## Exercise directions
Set down a true copy of the data, with all pictures left out.

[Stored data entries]
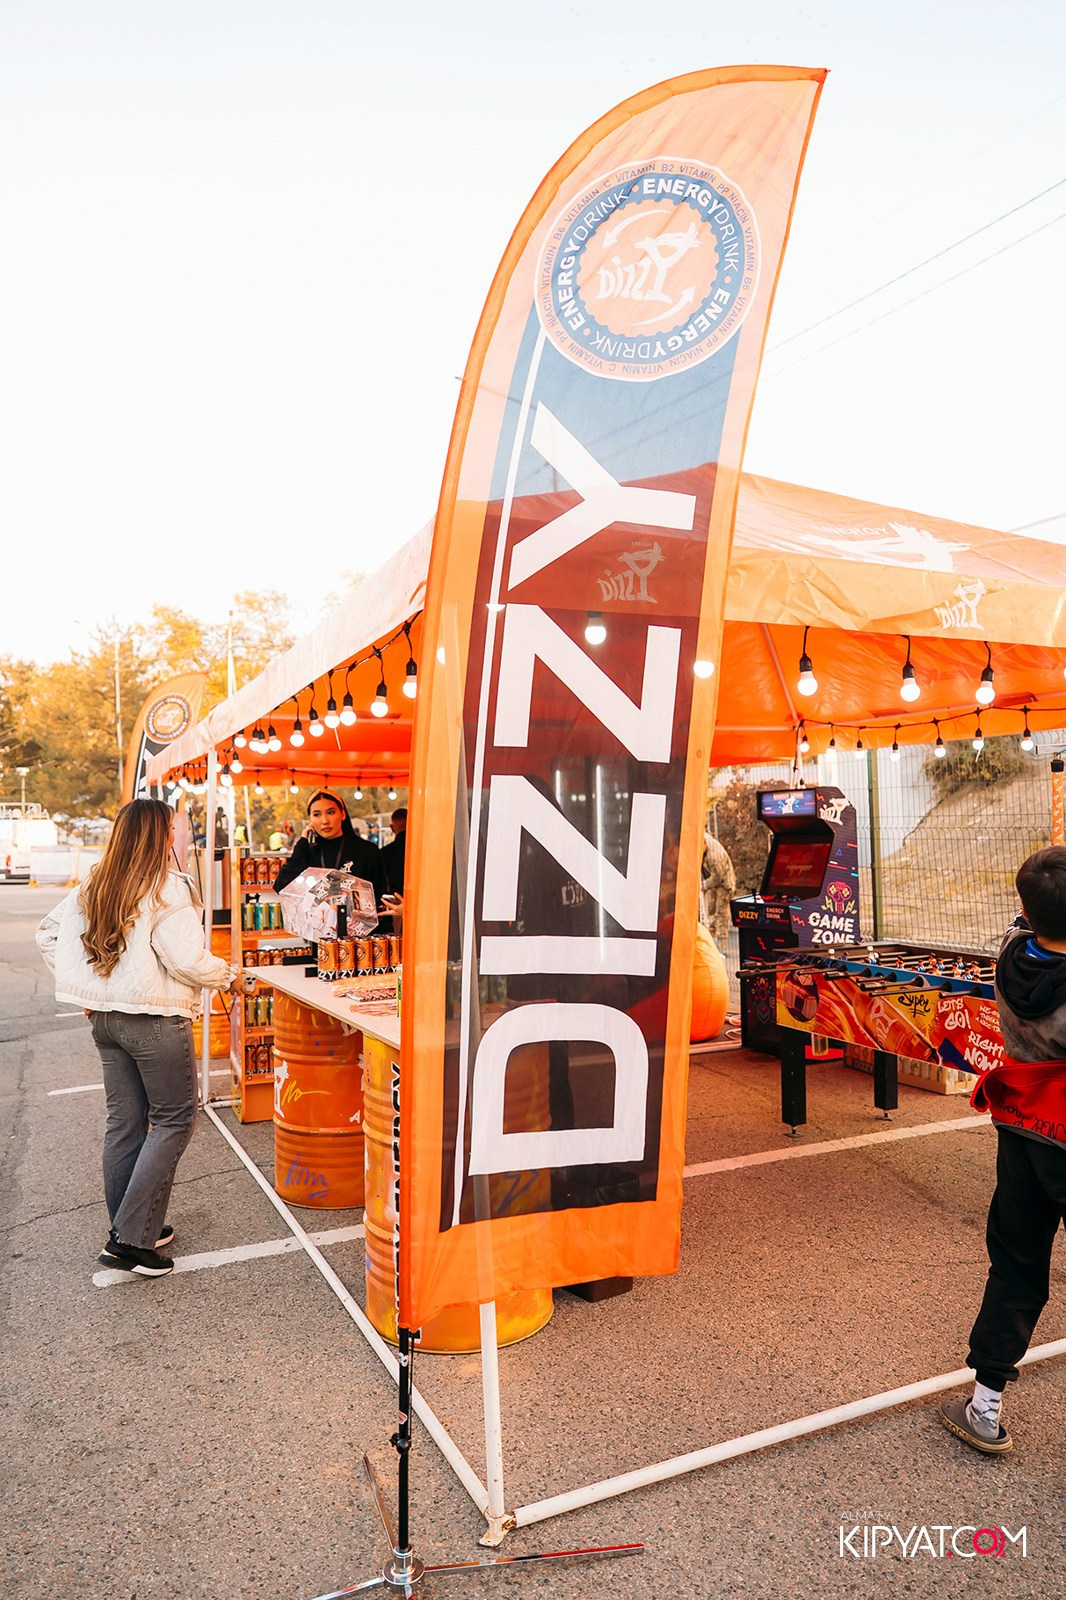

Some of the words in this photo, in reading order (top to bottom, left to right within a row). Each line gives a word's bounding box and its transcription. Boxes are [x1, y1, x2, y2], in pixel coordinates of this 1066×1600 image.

[615, 163, 656, 183] VITAMIN
[661, 163, 675, 173] B2
[679, 165, 716, 183] VITAMIN
[603, 179, 611, 189] C
[717, 183, 730, 194] PP
[564, 188, 599, 222] VITAMIN
[730, 194, 748, 225] NIACIN
[554, 227, 565, 240] B6
[745, 227, 756, 272] VITAMIN
[541, 246, 557, 288] VITAMIN
[543, 293, 559, 328] NIACIN
[719, 296, 746, 335] VITAMIN
[568, 343, 603, 369] VITAMIN
[669, 345, 705, 368] NIACIN
[621, 364, 664, 374] VITAMIN
[468, 400, 697, 1176] DIZZY
[738, 910, 759, 920] DIZZY
[808, 911, 855, 933] GAME
[811, 928, 856, 945] ZONE
[968, 1031, 1005, 1058] RIGHT

## Exercise solution
Some of the words in this photo, in reading order (top to bottom, left to right within a row). Each line gives a word's bounding box and its transcription. Boxes are [x1, y1, x2, y2], in pixel coordinates of this 1066×1600 image.

[615, 163, 656, 183] VITAMIN
[661, 163, 675, 173] B2
[679, 165, 716, 183] VITAMIN
[603, 179, 611, 189] C
[717, 183, 730, 194] PP
[564, 188, 599, 222] VITAMIN
[730, 194, 748, 225] NIACIN
[554, 227, 565, 240] B6
[745, 227, 756, 272] VITAMIN
[541, 246, 557, 288] VITAMIN
[543, 293, 559, 328] NIACIN
[719, 296, 746, 335] VITAMIN
[568, 343, 603, 369] VITAMIN
[669, 345, 705, 368] NIACIN
[621, 364, 664, 374] VITAMIN
[468, 400, 697, 1176] DIZZY
[738, 910, 759, 920] DIZZY
[808, 911, 855, 933] GAME
[811, 928, 856, 945] ZONE
[968, 1031, 1005, 1058] RIGHT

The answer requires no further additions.